UK data regulator probes Facebook over psychological experiment: FT


  • TECH
  • Wednesday, 02 Jul 2014

The Information Commissioner's Office (ICO) in the UK is investigating whether Facebook Inc broke data protection laws when it allowed researchers to conduct a psychological experiment on users of the social network, the Financial Times reported. 

The data regulator is probing the experiment and plans to ask Facebook questions, the newspaper reported.
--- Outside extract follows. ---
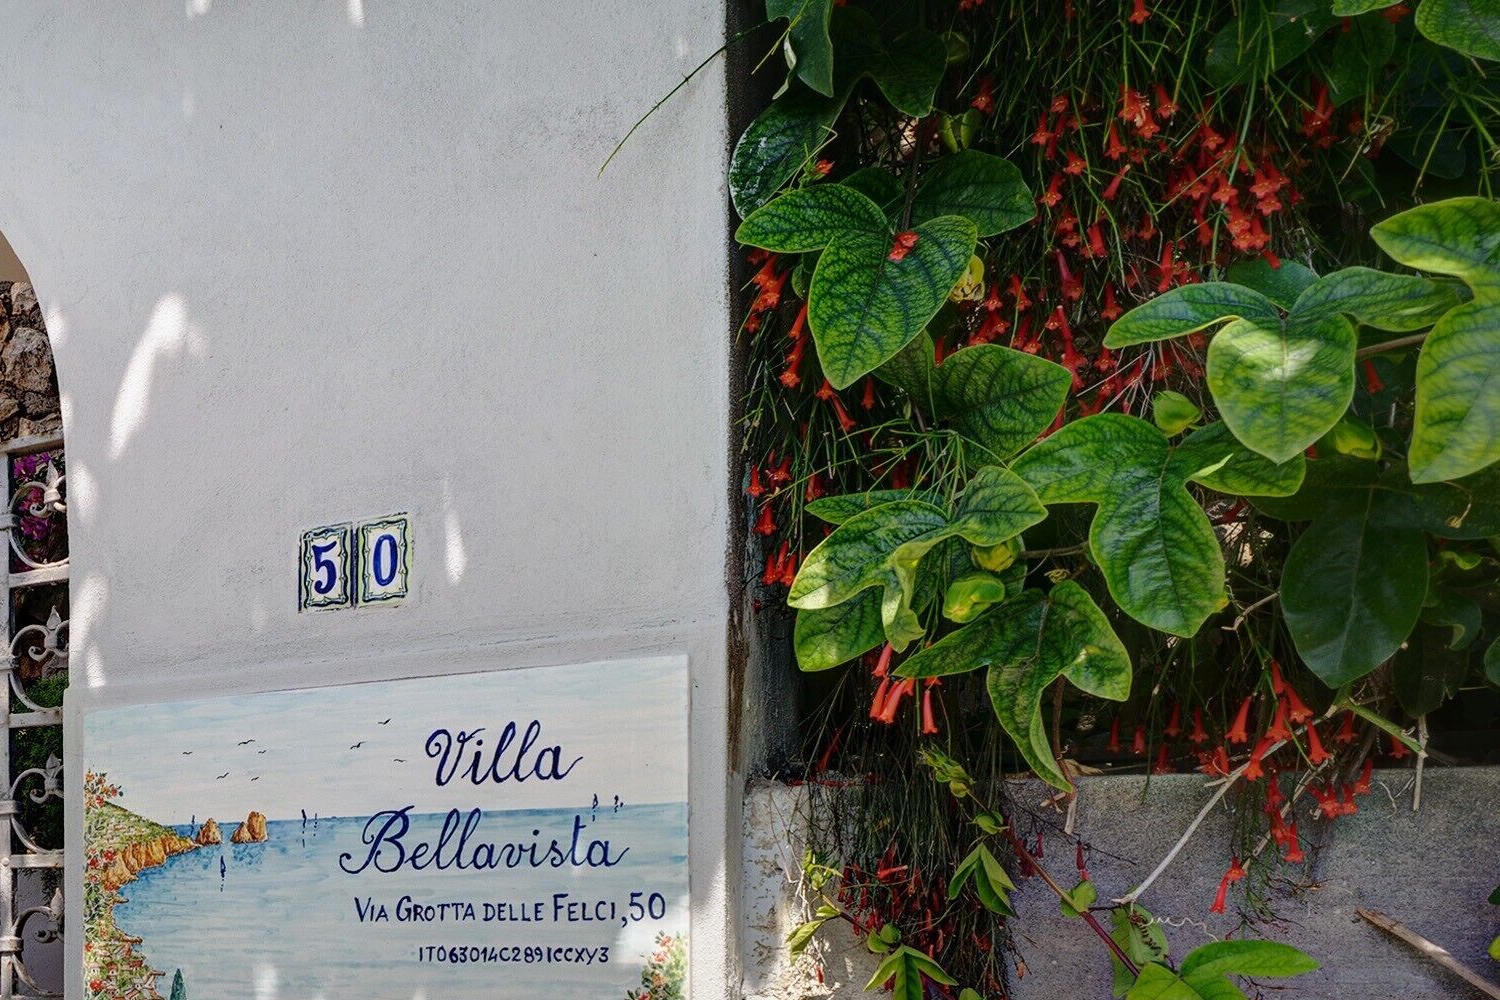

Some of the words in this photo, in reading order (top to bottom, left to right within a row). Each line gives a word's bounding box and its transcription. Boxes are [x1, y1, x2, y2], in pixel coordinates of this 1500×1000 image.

It was too early to tell exactly what part of the law Facebook may have infringed, the FT quoted a spokesperson for the ICO as saying. 

Facebook's psychological experiment on nearly 700,000 unwitting users in 2012 has caused a social-media furore. The experiment was to find if Facebook could alter the emotional state of its users and prompt them to post either more positive or negative content. 

Representatives for ICO and Facebook did not immediately respond to emails seeking comment. 

The ICO monitors how personal data is used and has the power to force organisations to change their policies and levy fines of up to £500,000 (RM2.74mil). 

Internet privacy concerns shot up the agenda last year when former US National Security Agency contractor Edward Snowden revealed details of mass US surveillance programmes involving European citizens and some heads of state. 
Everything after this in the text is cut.